Hanna and colleague Edwin Cook, Jr., M.D., of UIC together lead a major study of OCD genetics involving patients and their families who are willing to donate DNA samples and be interviewed by researchers. The study is still seeking OCD patients and their parents to participate in further research on the genetics of OCD.

While the new findings are exciting because they strengthen the evidence for glutamate's role in OCD vulnerability, the researchers caution that more work needs to be done before their discovery has any impact on OCD treatment.

Four years ago, the U-M and UIC team published a genome scan from young OCD patients and their parents that found signs of OCD-related genetic variations on chromosome 9, in the area of SLC1A1.

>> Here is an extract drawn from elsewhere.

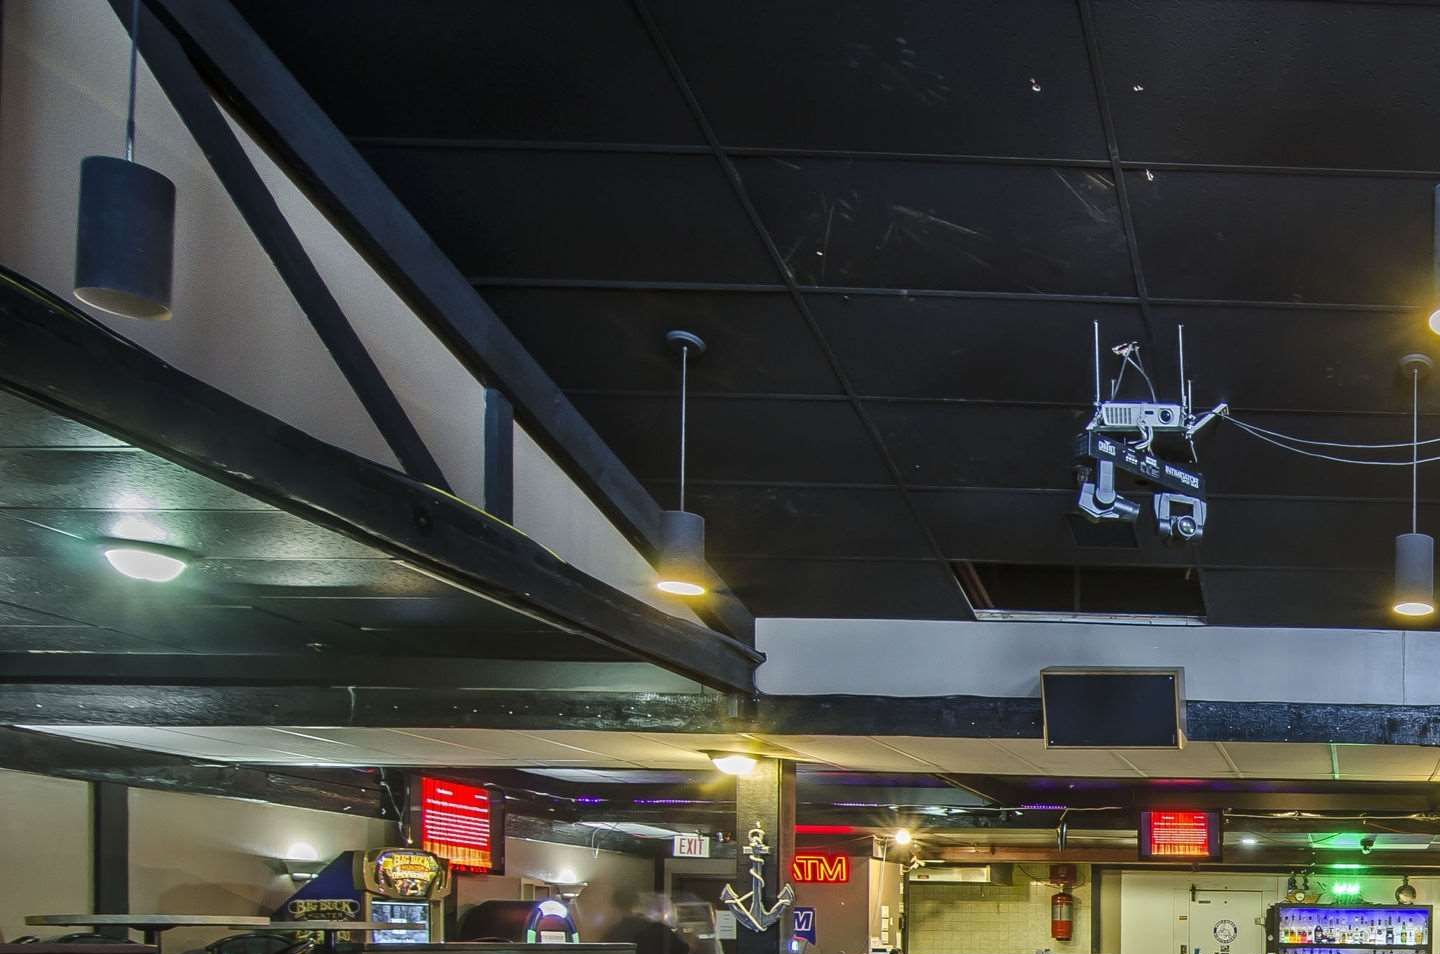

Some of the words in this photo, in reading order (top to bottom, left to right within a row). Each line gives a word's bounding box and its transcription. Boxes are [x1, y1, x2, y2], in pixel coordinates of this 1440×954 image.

[679, 838, 705, 855] EXIT
[296, 900, 318, 913] BIG
[320, 900, 353, 914] BUCK
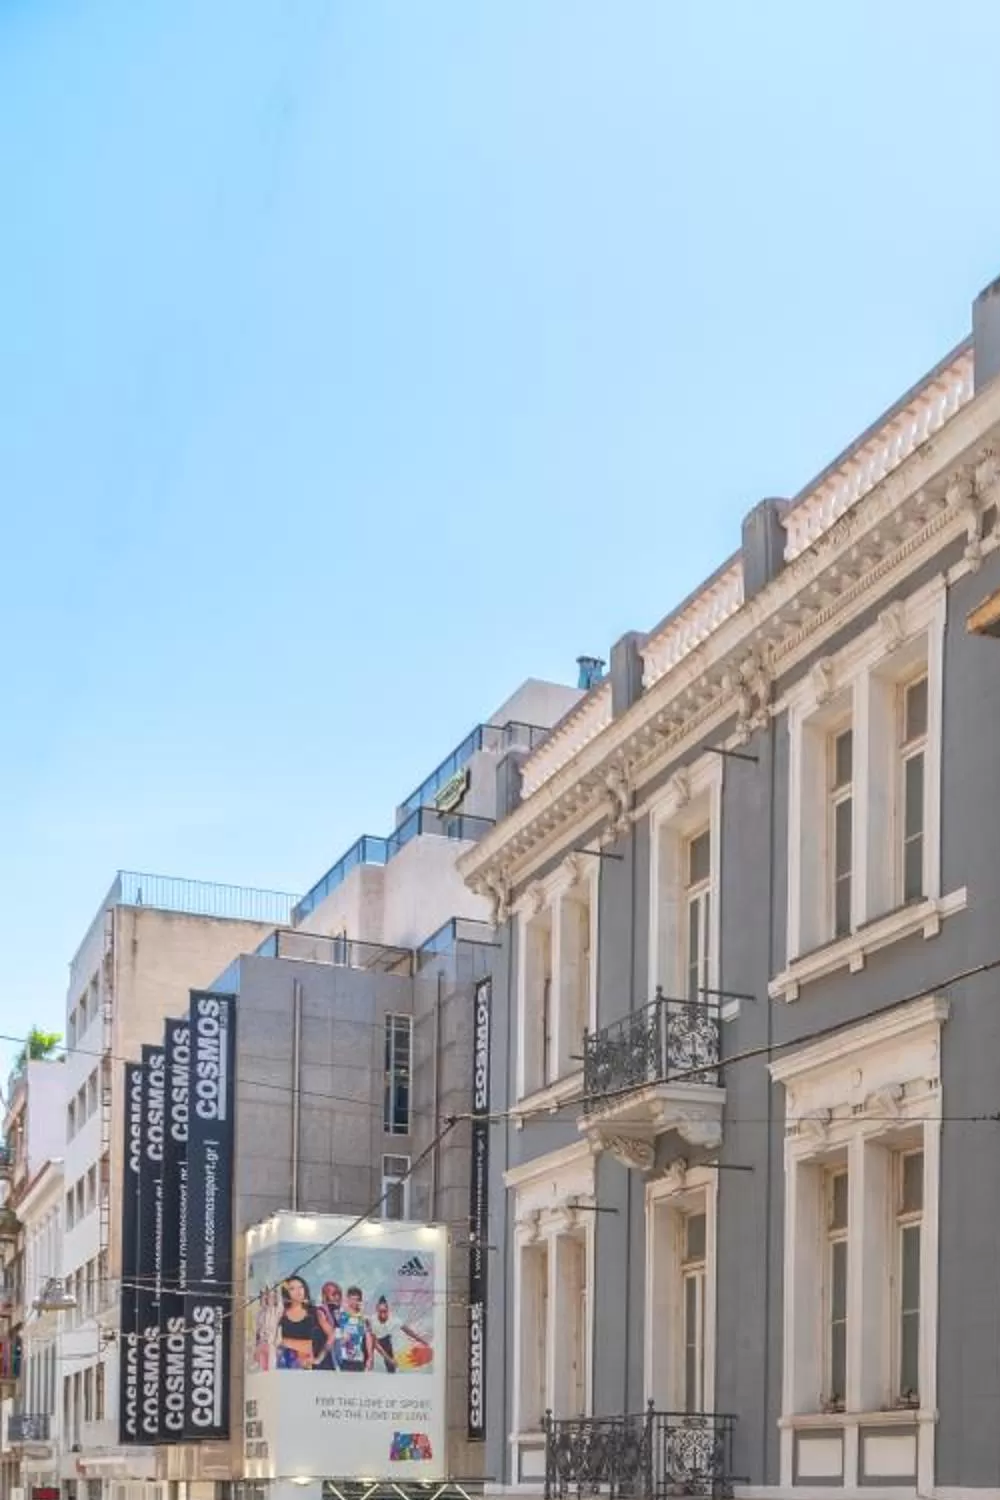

Since that time, they have been zeroing in on the gene and its nearby stretches of DNA, using analyses of single nucleotide polymorphisms that look at specific differences between individuals within the gene. At the same time, the Toronto group has been focusing on that same area in studies involving adults and children with OCD and their close relatives.

The new U-M, UC and UIC paper is based on genetic samples from 71 OCD patients (children and adults) and their parents. It finds a significant association between early-onset OCD and genetic variations at several sites on the SLC1A1 gene. A strong association at two of those sites was only seen in male early-onset OCD patients, which surprised the researchers but may make sense in light of the fact that early-onset OCD is more common in boys than in girls. As many as half of all OCD patients experience their first symptoms in childhood or adolescence.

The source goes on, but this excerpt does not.